Repeat the entries that follow verbatim, without any of their pictures.

---+---

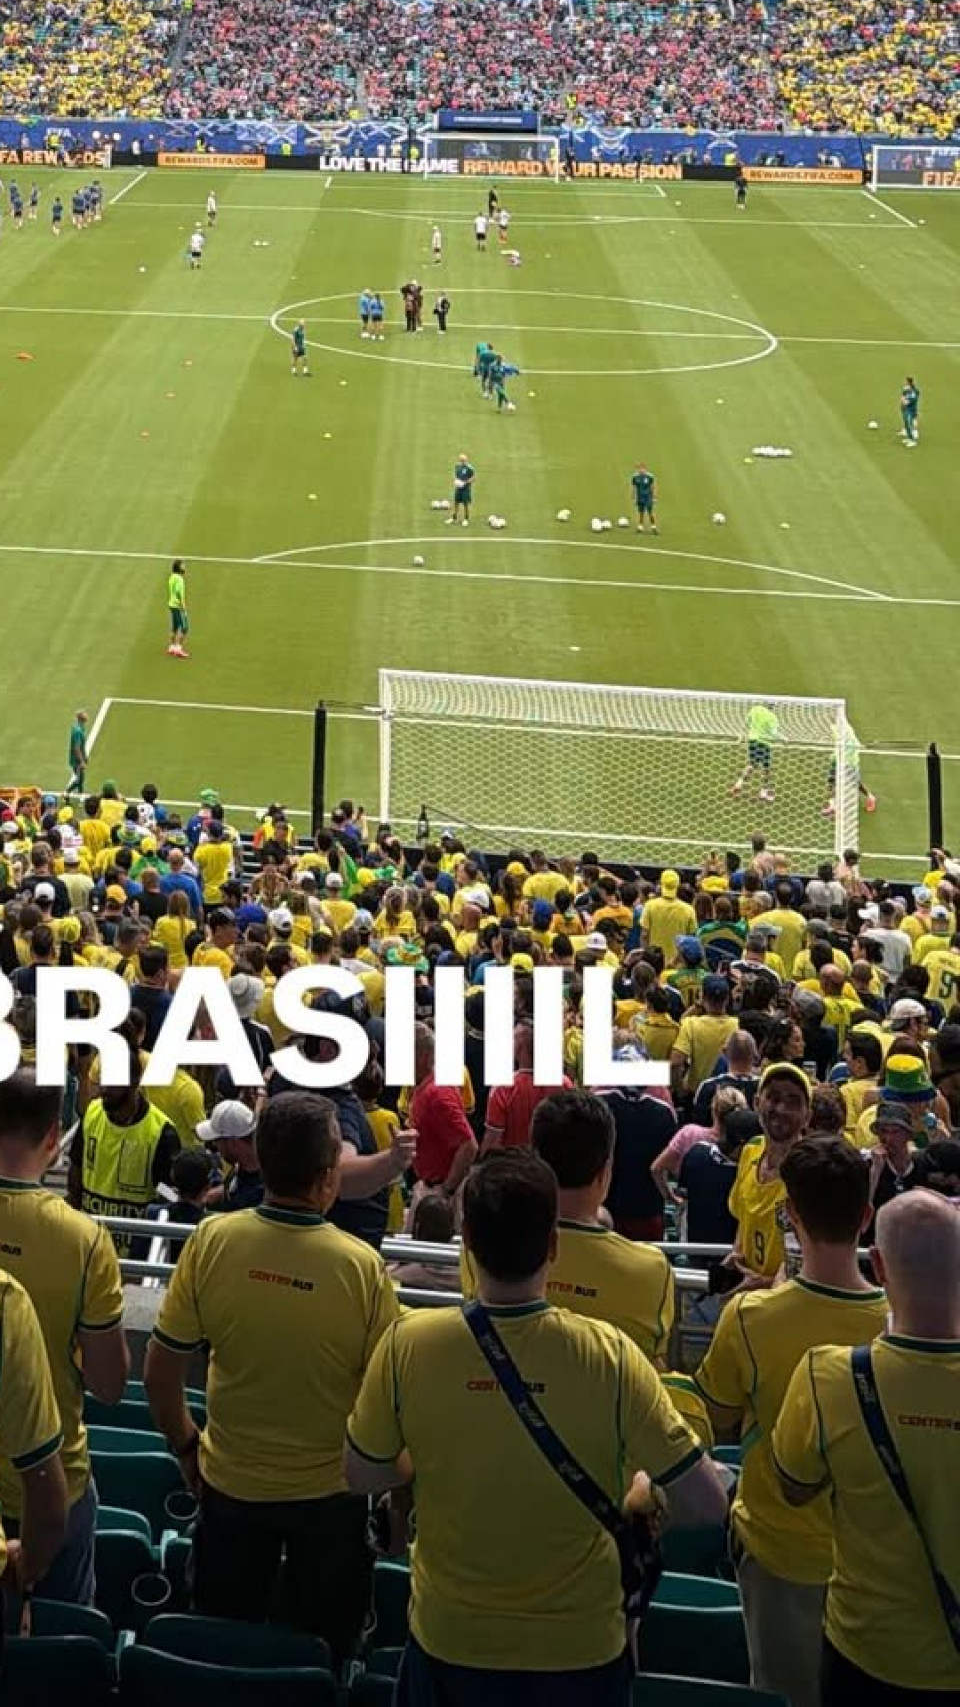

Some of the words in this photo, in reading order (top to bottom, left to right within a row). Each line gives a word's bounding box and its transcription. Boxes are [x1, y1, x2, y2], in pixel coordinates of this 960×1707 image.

[320, 155, 366, 172] LOVE
[367, 157, 402, 173] THE
[403, 157, 459, 173] GAME
[463, 158, 542, 175] REWARD

---+---

**WRITTEN RESPONSE**
Some of the words in this photo, in reading order (top to bottom, left to right within a row). Each line gives a word's bounding box and its transcription. Boxes are [x1, y1, x2, y2], in pixel coordinates of this 960×1707 image.

[320, 155, 366, 172] LOVE
[367, 157, 402, 173] THE
[403, 157, 459, 173] GAME
[463, 158, 542, 175] REWARD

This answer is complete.